Is the sale of shares exempt from Value-Added Tax?
As a general rule, the sale of shares or other equity interests is exempt from VAT. However, this exemption should be analysed carefully where the target company holds significant real estate assets, as the anti-avoidance provisions contained in article 338 of the Securities Markets and Investment Services Act may apply.
What is article 338 of the Securities Markets and Investment Services Act?
Article 338 is an anti-avoidance provision that allows certain share transfers to be taxed where the transaction is deemed, in substance, to constitute an indirect transfer of real estate. It may become relevant where control of a company is acquired or increased and more than 50% of the company’s assets consist of real estate located in Spain that is not used in the carrying on of an economic activity.
What happens if assets are sold instead of shares?
Where business assets are transferred directly, each asset must be analysed individually, including real estate, inventory, machinery, trade marks, software, contracts, licences and customer portfolios. Depending on the nature of the assets involved, the transaction may be subject to VAT and not exempt, subject to Value-Added Tax but exempt, or fall outside the scope of VAT altogether.
What is an independent business undertaking?
An independent business undertaking is a collection of tangible and intangible assets that constitutes, or is capable of constituting, an organisation capable of carrying on an economic activity by its own means. Where a genuine independent business undertaking is transferred, the transaction may fall outside the scope of VAT pursuant to article 7.1 of the Spanish VAT Act.
Can every asset transfer qualify as the transfer of an independent business undertaking?
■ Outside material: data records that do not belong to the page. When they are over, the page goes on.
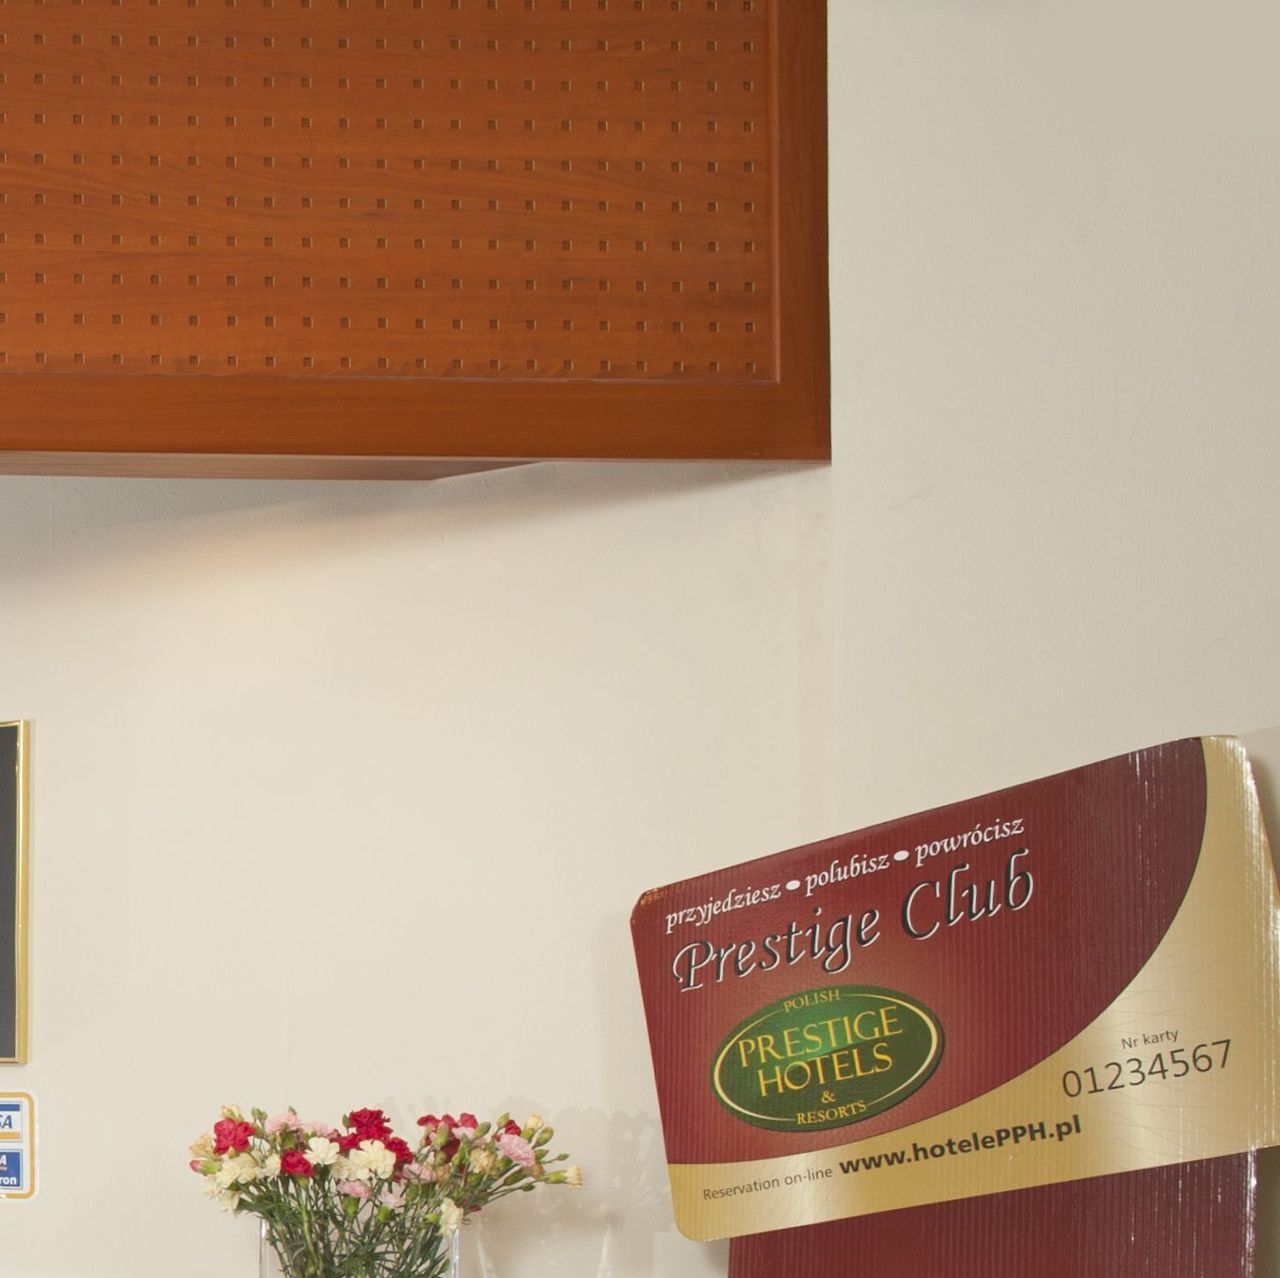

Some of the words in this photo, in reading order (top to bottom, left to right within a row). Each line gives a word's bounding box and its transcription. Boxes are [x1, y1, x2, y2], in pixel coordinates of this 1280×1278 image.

[665, 876, 783, 935] przyjedziesz
[804, 850, 891, 898] polubisz
[914, 814, 1026, 867] powrócisz
[671, 905, 882, 993] Prestige
[900, 848, 1037, 942] Club
[782, 988, 842, 1013] POLISH
[738, 1005, 906, 1071] PRESTIGE
[1121, 1034, 1140, 1051] Nr
[1142, 1027, 1181, 1049] karty
[756, 1043, 895, 1098] HOTELS
[820, 1089, 837, 1104] &
[1061, 1038, 1233, 1100] 01234567
[795, 1100, 869, 1126] RESORTS
[702, 1175, 781, 1202] Reservation
[783, 1165, 835, 1187] on-line
[838, 1114, 1083, 1177] www.hotelePPH.pl
No. Whether an independent business undertaking exists must be assessed on a case-by-case basis. Not every collection of assets satisfies the relevant requirements. If the tax authorities conclude that no independent business undertaking exists, the transaction may become subject to VAT, with the corresponding financial implications for the parties.
What risk arises where an independent business undertaking includes real estate?
Where the transfer of an independent business undertaking falls outside the scope of VAT but includes real estate assets, transfer tax may become chargeable in respect of those properties. This issue is particularly significant because, unlike VAT incurred by businesses, transfer tax generally constitutes a final and irrecoverable cost for the purchaser.